> Exercise description
Write out the whole listing. Leave out nothing.

BEGIN Given entries

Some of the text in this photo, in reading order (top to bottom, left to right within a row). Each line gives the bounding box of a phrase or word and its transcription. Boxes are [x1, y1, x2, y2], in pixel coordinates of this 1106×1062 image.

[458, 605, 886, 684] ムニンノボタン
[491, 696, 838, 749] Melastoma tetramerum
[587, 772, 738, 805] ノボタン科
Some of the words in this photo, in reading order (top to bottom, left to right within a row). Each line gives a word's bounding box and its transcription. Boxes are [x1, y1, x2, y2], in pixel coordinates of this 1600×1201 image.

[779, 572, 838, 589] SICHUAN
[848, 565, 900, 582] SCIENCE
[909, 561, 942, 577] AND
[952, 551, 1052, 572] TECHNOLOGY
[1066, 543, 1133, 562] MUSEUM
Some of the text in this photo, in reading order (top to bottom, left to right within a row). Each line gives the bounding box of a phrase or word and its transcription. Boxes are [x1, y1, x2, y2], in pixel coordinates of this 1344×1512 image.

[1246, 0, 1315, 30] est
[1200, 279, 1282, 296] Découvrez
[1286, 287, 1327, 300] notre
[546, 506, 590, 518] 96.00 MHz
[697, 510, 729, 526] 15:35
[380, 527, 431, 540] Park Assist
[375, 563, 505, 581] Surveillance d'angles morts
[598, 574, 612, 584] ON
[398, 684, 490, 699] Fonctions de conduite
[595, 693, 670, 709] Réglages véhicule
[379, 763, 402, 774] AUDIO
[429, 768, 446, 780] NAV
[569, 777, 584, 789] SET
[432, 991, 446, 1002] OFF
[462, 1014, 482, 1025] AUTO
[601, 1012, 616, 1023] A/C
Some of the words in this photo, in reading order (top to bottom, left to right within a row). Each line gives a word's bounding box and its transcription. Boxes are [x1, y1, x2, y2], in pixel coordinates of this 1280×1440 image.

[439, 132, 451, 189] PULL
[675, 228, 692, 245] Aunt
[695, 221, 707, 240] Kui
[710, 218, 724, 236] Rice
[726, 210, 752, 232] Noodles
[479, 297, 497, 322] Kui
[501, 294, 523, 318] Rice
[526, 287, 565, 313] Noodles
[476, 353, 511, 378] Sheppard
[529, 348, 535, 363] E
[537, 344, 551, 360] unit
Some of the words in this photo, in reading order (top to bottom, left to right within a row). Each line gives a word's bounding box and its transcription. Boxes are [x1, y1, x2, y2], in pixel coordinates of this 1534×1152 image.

END Given entries

> Task result
Some of the text in this photo, in reading order (top to bottom, left to right within a row). Each line gives the bounding box of a phrase or word and its transcription. Boxes are [x1, y1, x2, y2], in pixel coordinates of this 1106×1062 image.

[458, 605, 886, 684] ムニンノボタン
[491, 696, 838, 749] Melastoma tetramerum
[587, 772, 738, 805] ノボタン科
Some of the words in this photo, in reading order (top to bottom, left to right within a row). Each line gives a word's bounding box and its transcription. Boxes are [x1, y1, x2, y2], in pixel coordinates of this 1600×1201 image.

[779, 572, 838, 589] SICHUAN
[848, 565, 900, 582] SCIENCE
[909, 561, 942, 577] AND
[952, 551, 1052, 572] TECHNOLOGY
[1066, 543, 1133, 562] MUSEUM
Some of the text in this photo, in reading order (top to bottom, left to right within a row). Each line gives the bounding box of a phrase or word and its transcription. Boxes are [x1, y1, x2, y2], in pixel coordinates of this 1344×1512 image.

[1246, 0, 1315, 30] est
[1200, 279, 1282, 296] Découvrez
[1286, 287, 1327, 300] notre
[546, 506, 590, 518] 96.00 MHz
[697, 510, 729, 526] 15:35
[380, 527, 431, 540] Park Assist
[375, 563, 505, 581] Surveillance d'angles morts
[598, 574, 612, 584] ON
[398, 684, 490, 699] Fonctions de conduite
[595, 693, 670, 709] Réglages véhicule
[379, 763, 402, 774] AUDIO
[429, 768, 446, 780] NAV
[569, 777, 584, 789] SET
[432, 991, 446, 1002] OFF
[462, 1014, 482, 1025] AUTO
[601, 1012, 616, 1023] A/C
Some of the words in this photo, in reading order (top to bottom, left to right within a row). Each line gives a word's bounding box and its transcription. Boxes are [x1, y1, x2, y2], in pixel coordinates of this 1280×1440 image.

[439, 132, 451, 189] PULL
[675, 228, 692, 245] Aunt
[695, 221, 707, 240] Kui
[710, 218, 724, 236] Rice
[726, 210, 752, 232] Noodles
[479, 297, 497, 322] Kui
[501, 294, 523, 318] Rice
[526, 287, 565, 313] Noodles
[476, 353, 511, 378] Sheppard
[529, 348, 535, 363] E
[537, 344, 551, 360] unit
Some of the words in this photo, in reading order (top to bottom, left to right within a row). Each line gives a word's bounding box and its transcription. Boxes are [x1, y1, x2, y2], in pixel coordinates of this 1534×1152 image.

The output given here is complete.